**INSTRUCTIONS TO FOLLOW**
Every record below should be repeated exactly. Omit the pictures.

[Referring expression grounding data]
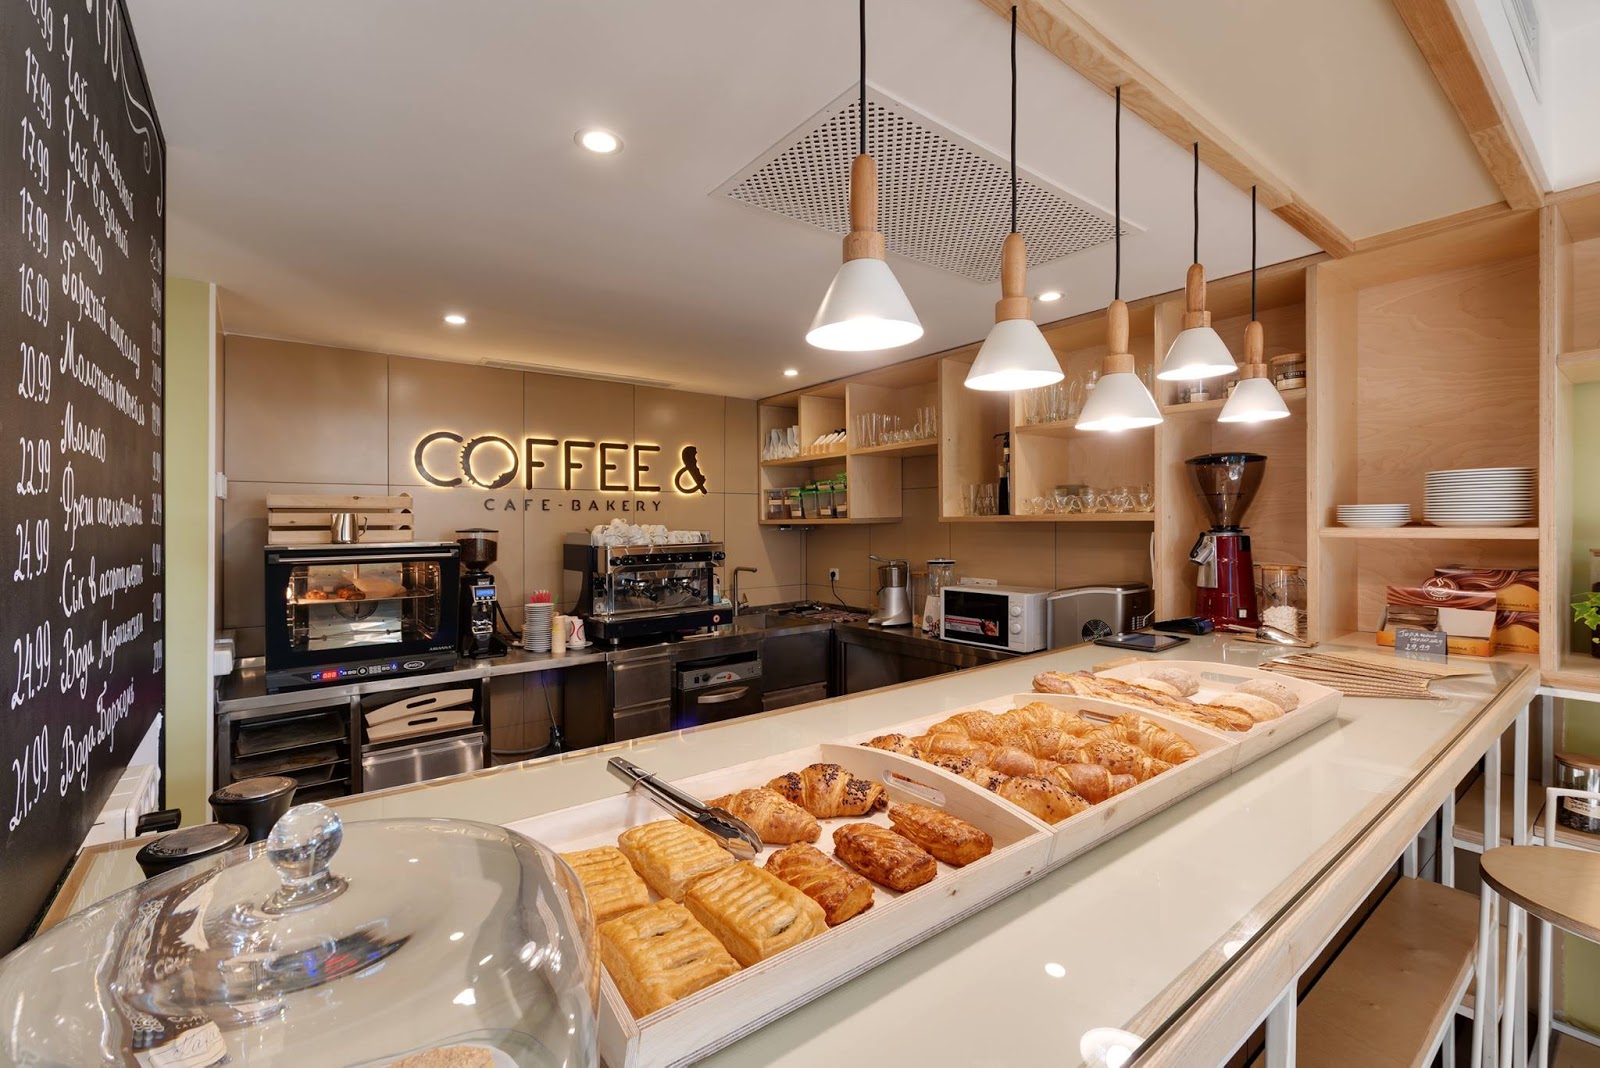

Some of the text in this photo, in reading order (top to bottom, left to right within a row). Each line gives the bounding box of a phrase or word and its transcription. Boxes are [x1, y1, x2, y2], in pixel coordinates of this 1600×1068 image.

[25, 47, 52, 129] 17.99
[64, 13, 89, 121] Чай
[21, 116, 49, 195] 17.99
[64, 95, 89, 188] Чай
[20, 187, 49, 258] 17.99
[65, 169, 103, 275] Какао
[19, 263, 49, 327] 16.99
[18, 342, 51, 404] 20.99
[16, 437, 51, 495] 22.99
[60, 401, 106, 463] Молоко
[414, 431, 708, 495] COFFEE &
[62, 461, 94, 551] Фреш
[13, 518, 50, 582] 24.99
[62, 558, 85, 618] Сік
[11, 620, 50, 709] 24.99
[60, 627, 95, 700] Вода
[9, 724, 49, 832] 21.99
[60, 725, 96, 797] Вода
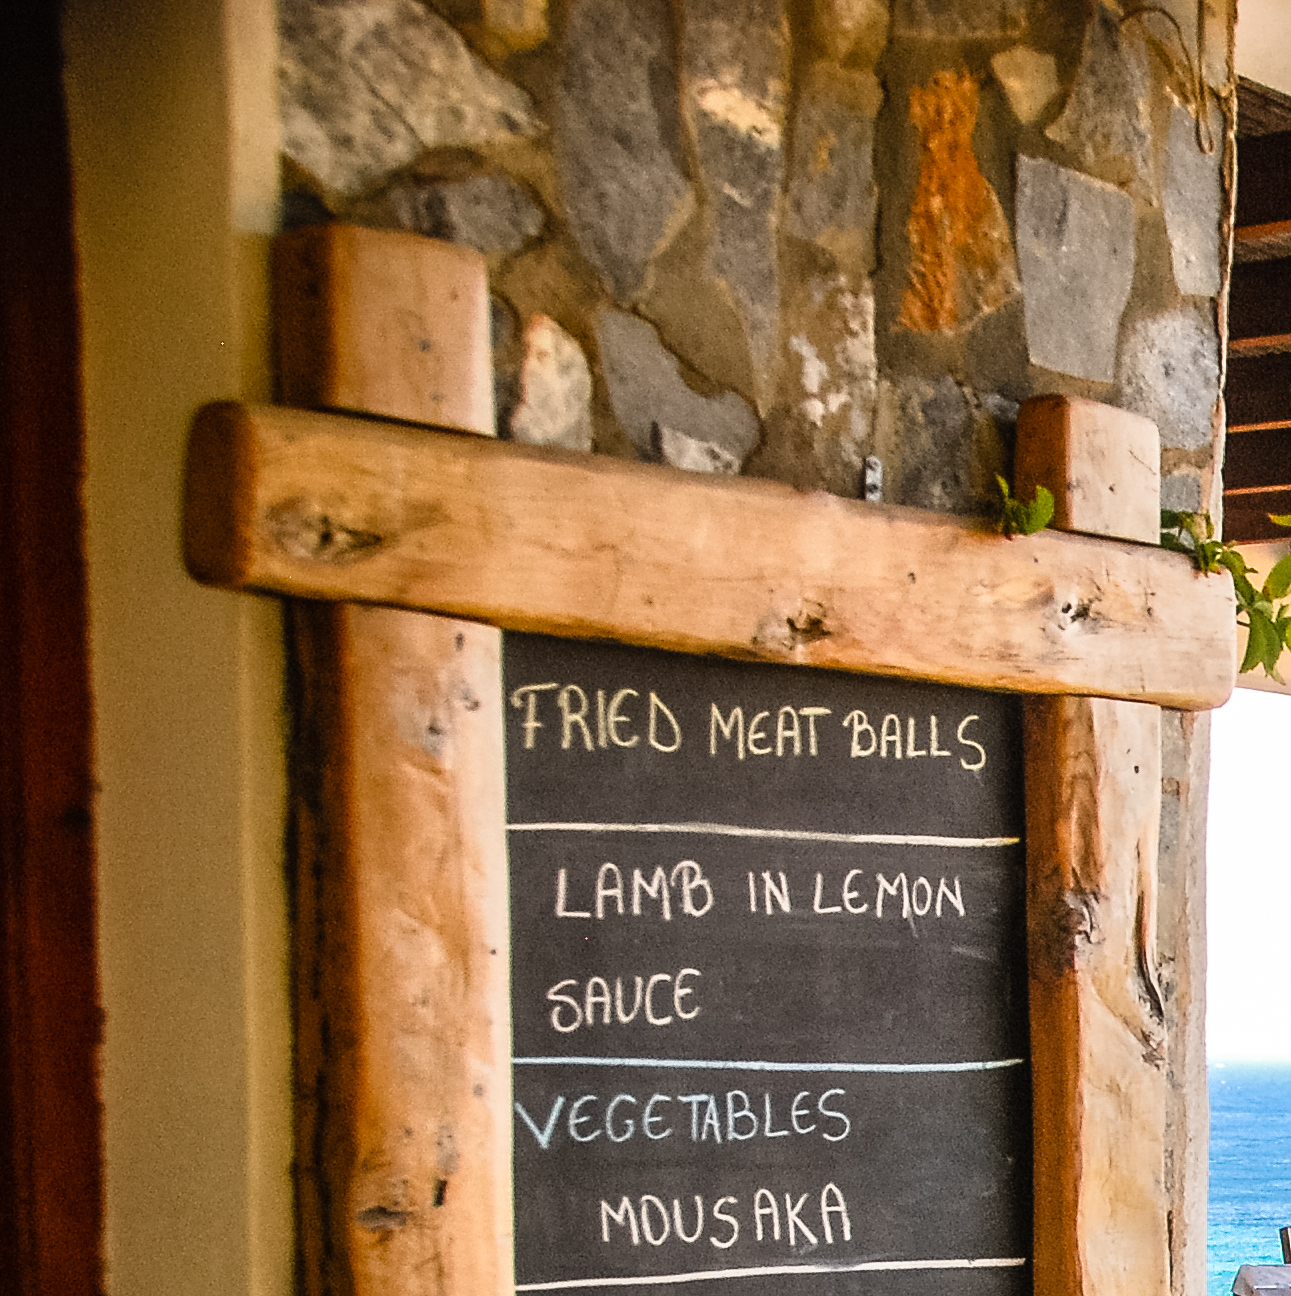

**EXERCISE SOLUTION**
Some of the text in this photo, in reading order (top to bottom, left to right within a row). Each line gives the bounding box of a phrase or word and its transcription. Boxes are [x1, y1, x2, y2], in pixel coordinates of this 1600×1068 image.

[25, 47, 52, 129] 17.99
[64, 13, 89, 121] Чай
[21, 116, 49, 195] 17.99
[64, 95, 89, 188] Чай
[20, 187, 49, 258] 17.99
[65, 169, 103, 275] Какао
[19, 263, 49, 327] 16.99
[18, 342, 51, 404] 20.99
[16, 437, 51, 495] 22.99
[60, 401, 106, 463] Молоко
[414, 431, 708, 495] COFFEE &
[62, 461, 94, 551] Фреш
[13, 518, 50, 582] 24.99
[62, 558, 85, 618] Сік
[11, 620, 50, 709] 24.99
[60, 627, 95, 700] Вода
[9, 724, 49, 832] 21.99
[60, 725, 96, 797] Вода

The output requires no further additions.